La clausola di assistenza reciproca solleva inoltre un punto tecnico discusso tra osservatori e funzionari occidentali: l’eventualità che un’azione ostile verso Israele proveniente da gruppi attivi in Pakistan o da reticolati non statali possa essere interpretata come causa di attivazione della clausola, coinvolgendo formalmente l’Arabia Saudita in una crisi alla quale potrebbe non avere interesse a partecipare. Analoga preoccupazione riguarda la possibilità che operazioni segrete o azioni militari mirate possano essere considerate da Islamabad come aggressioni esterne. Da parte saudita, funzionari vicini al dossier hanno segnalato la volontà di evitare automatismi che possano compromettere i negoziati con Washington.

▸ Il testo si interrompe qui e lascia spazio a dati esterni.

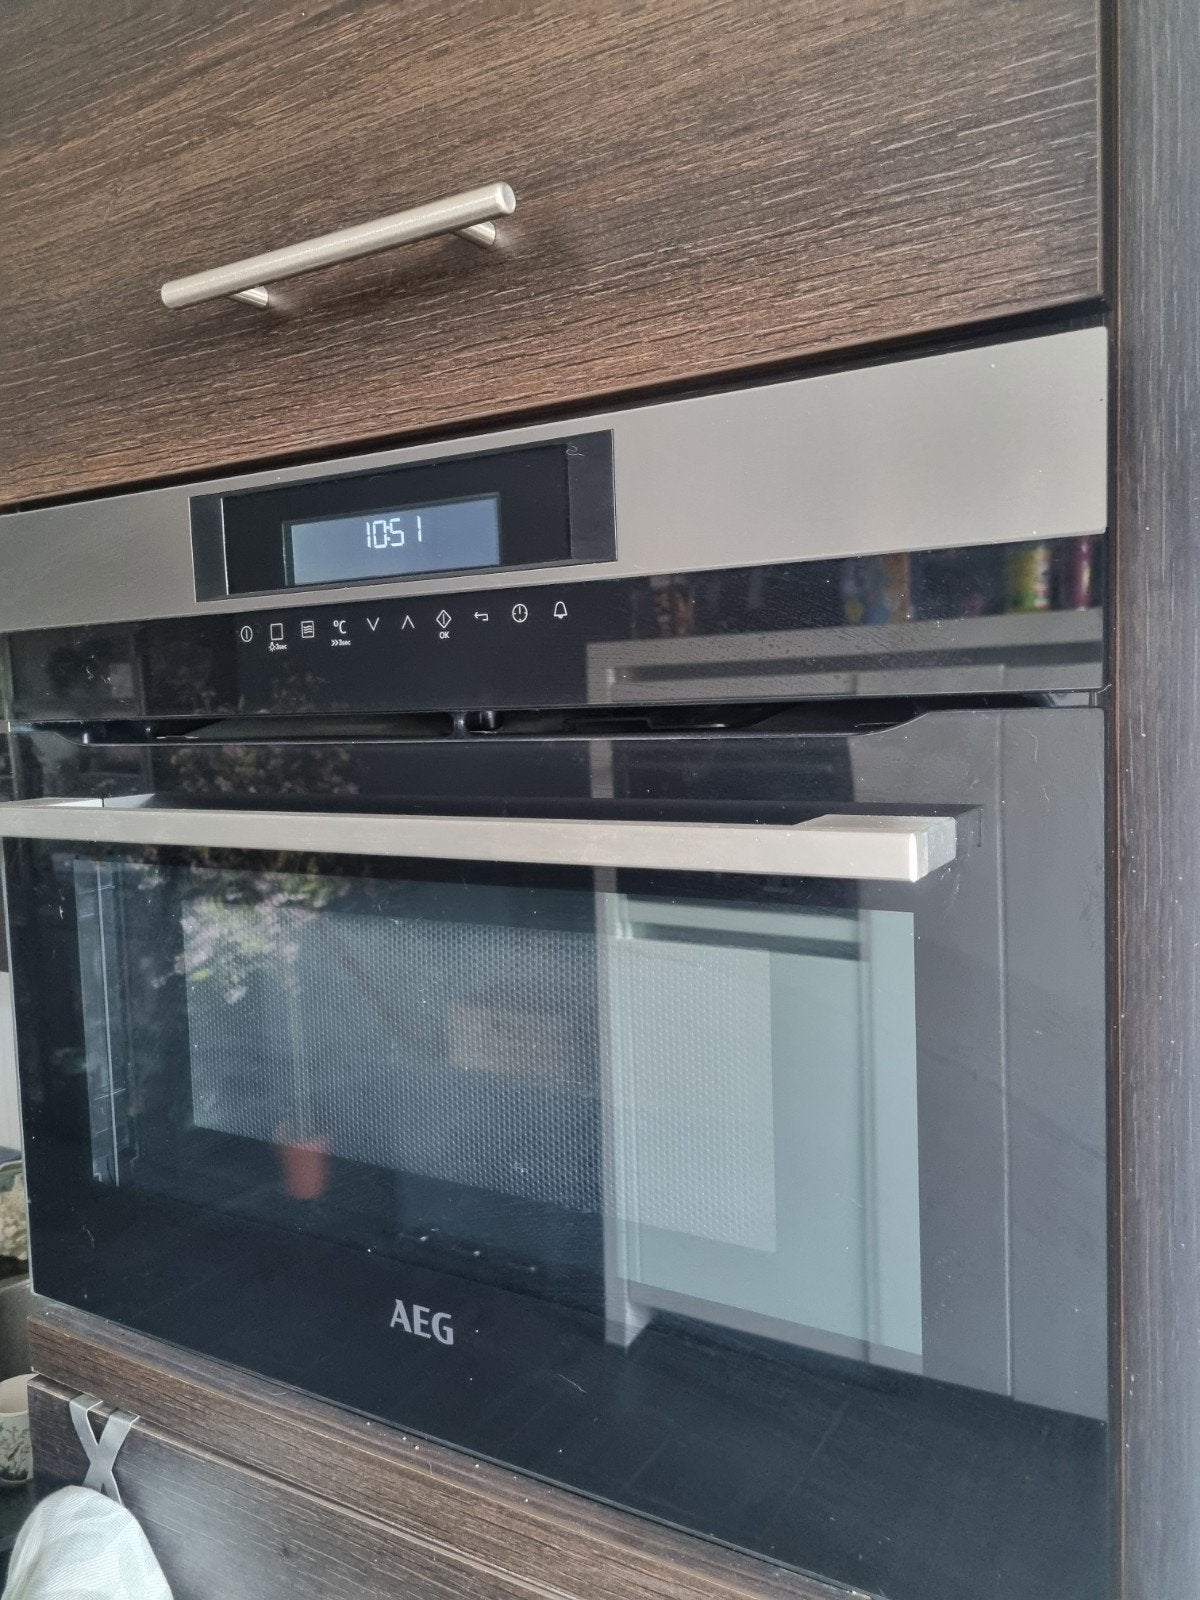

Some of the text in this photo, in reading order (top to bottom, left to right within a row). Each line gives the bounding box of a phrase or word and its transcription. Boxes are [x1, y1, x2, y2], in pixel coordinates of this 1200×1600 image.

[366, 515, 422, 549] 10:51
[439, 631, 450, 639] OK
[390, 1299, 454, 1345] AEG

Sulle relazioni saudita-statunitensi, la gestione dell’intesa con il Pakistan rappresenta quindi un fattore da chiarire nei colloqui in corso. Washington ha indicato come priorità la creazione di un quadro di cooperazione militare prevedibile, in linea con i suoi interessi regionali e con le esigenze di tutela di Israele. Dirigenti israeliani, da parte loro, hanno riportato riserve soprattutto in relazione alle prospettive di trasferimenti tecnologici avanzati, tra cui sistemi di difesa aerea e centrali per la sorveglianza delle rotte commerciali del Mediterraneo.
Riyadh considera la normalizzazione con Israele parte di un pacchetto più ampio, che comprende garanzie di sicurezza da parte statunitense e un ruolo definito nel nuovo assetto economico regionale. Il governo saudita mantiene l’obiettivo di presentare il riconoscimento di Israele come passo inserito in un quadro di stabilizzazione complessiva del Medio Oriente, con benefici economici e infrastrutturali per più Paesi coinvolti. Tuttavia, la gestione del rapporto con il Pakistan richiede una definizione più precisa delle implicazioni operative del patto di difesa, alla luce del nuovo equilibrio a cui Stati Uniti e Arabia Saudita stanno lavorando.